# Introduction!



## Bambi8 (Aug 3, 2019)

Hello,
My name is Sarah, I live in the DFW. I am a stay at home mother to 3 boys. 6,5 and a one year old. We are a blended family! My oldest whom I’ve adopted is my husbands, the 5 year old is mine then my husband and I have the youngest together. I came across this site when I was searching attempting to find answers to why my husband does the things he does.. I live in a smaller town than I’m used to. Also the thought of going to mothers groups in my area to meet people with my crazy boy is overwhelming. I feel like I could benefit from this group. Also hoping to meet other mothers in my area who have or are going through similar situations.:smile2:


----------



## OnTheFly (Mar 12, 2015)

@EleGirl

Ask a mod to change your user name.


----------



## farsidejunky (Mar 19, 2014)

PM @EleGirl. It is not a good idea to use your name as a user name. 

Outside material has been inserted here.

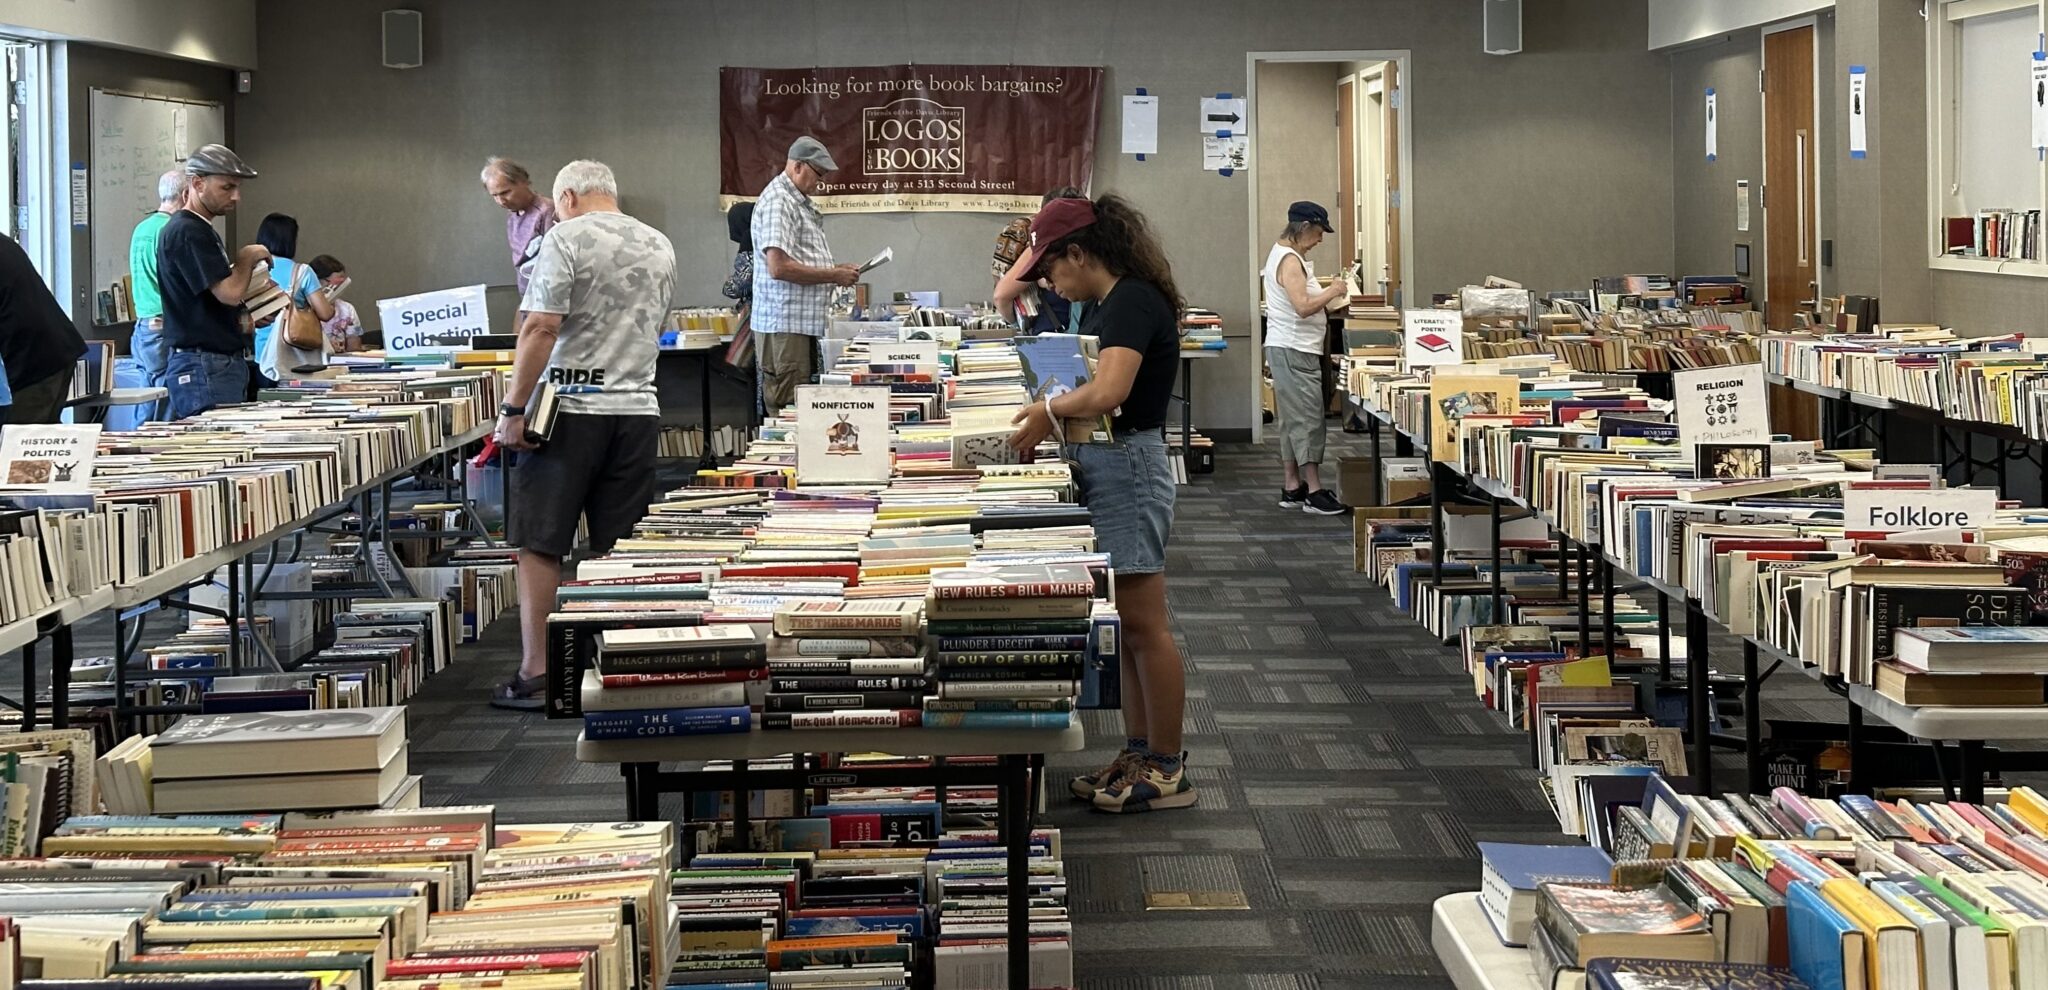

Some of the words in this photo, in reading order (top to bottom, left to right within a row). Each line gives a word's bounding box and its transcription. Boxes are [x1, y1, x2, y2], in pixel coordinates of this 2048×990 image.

Sent from my Pixel 3 XL using Tapatalk


----------



## EleGirl (Dec 3, 2011)

Bambi8 said:


> Hello,
> 
> My name is Sarah, I live in the DFW. I am a stay at home mother to 3 boys. 6,5 and a one year old. We are a blended family! My oldest whom I’ve adopted is my husbands, the 5 year old is mine then my husband and I have the youngest together. I came across this site when I was searching attempting to find answers to why my husband does the things he does.. I live in a smaller town than I’m used to. *Also the thought of going to mothers groups in my area to meet people with my crazy boy is overwhelming.* I feel like I could benefit from this group. Also hoping to meet other mothers in my area who have or are going through similar situations.:smile2:


Have you actually gone to mother's groups with your sons? What do they do that is different from other little boys?


----------



## Mrs.K (Apr 12, 2012)

What I’ve learned over 16 years of parenting is that our children’s behaviors are more strange worrisome to US than they are to others. If there are no major behavior problems I wouldn’t worry much about jumping into a Mother’s group. I would encourage it actually.
The biggest mistake young moms are making these days is being so hard on each other. Once you find the right group of friends though life is a lot less stressful!


Sent from my iPhone using Tapatalk


----------



## Bambi8 (Aug 3, 2019)

EleGirl said:


> @Bambi8
> 
> I removed the email address part from your user name. It's not a good idea to use an email address or your real name as your user name on a site like this. If this is your real name, what would you like to have it changed to?


Oh I’m sorry and thank you! I’m new to this. Um. Can you change my username to Bambi8 or something like that.


----------



## EleGirl (Dec 3, 2011)

Bambi8 said:


> Oh I’m sorry and thank you! I’m new to this. Um. Can you change my username to Bambi8 or something like that.


You are now Bambi8 … :grin2::nerd:


----------